To overcome the perils of the present and to achieve the promise of the future, we must begin with the wisdom of the past. Our success depends on a coalition of strong and independent nations that embrace their sovereignty to promote security, prosperity, and peace for themselves and for the world.

We do not expect diverse countries to share the same cultures, traditions, or even systems of government. But we do expect all nations to uphold these two core sovereign duties: to respect the interests of their own people and the rights of every other sovereign nation. This is the beautiful vision of this institution, and this is foundation for cooperation and success.

Strong, sovereign nations let diverse countries with different values, different cultures, and different dreams not just coexist, but work side by side on the basis of mutual respect.

Strong, sovereign nations let their people take ownership of the future and control their own destiny. And strong, sovereign nations allow individuals to flourish in the fullness of the life intended by God.

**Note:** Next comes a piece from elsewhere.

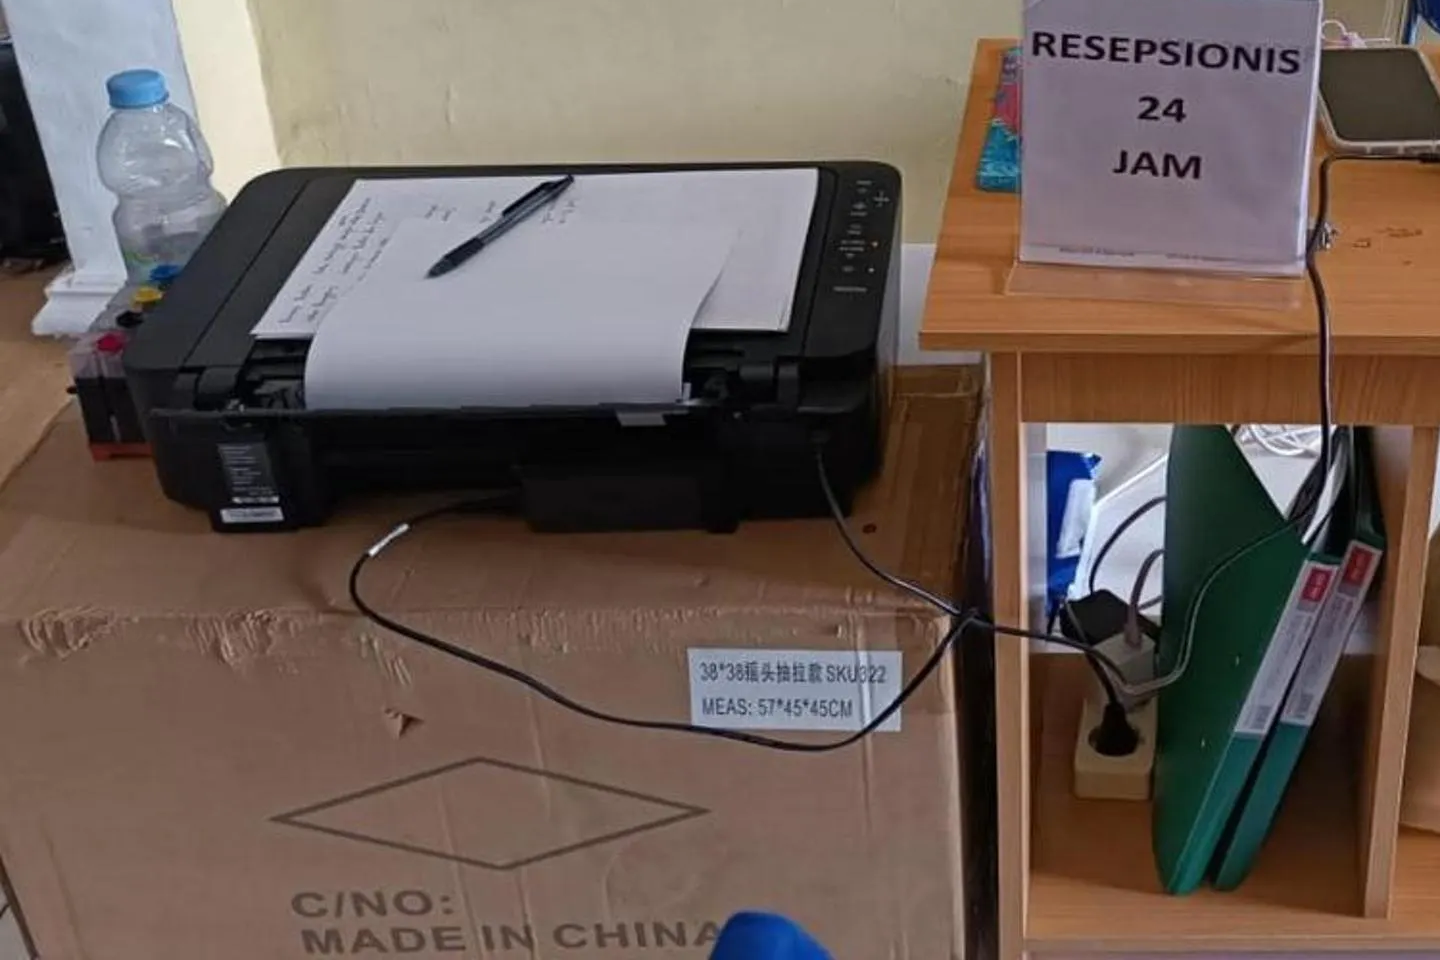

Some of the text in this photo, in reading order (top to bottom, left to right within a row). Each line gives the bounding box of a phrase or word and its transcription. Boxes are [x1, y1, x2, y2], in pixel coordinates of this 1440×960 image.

In America, we do not seek to impose our way of life on anyone, but rather to let it shine as an example for everyone to watch. This week gives our country a special reason to take pride in that example. We are celebrating the 230th anniversary of our beloved Constitution — the oldest constitution still in use in the world today.

This timeless document has been the foundation of peace, prosperity, and freedom for the Americans and for countless millions around the globe whose own countries have found inspiration in its respect for human nature, human dignity, and the rule of law.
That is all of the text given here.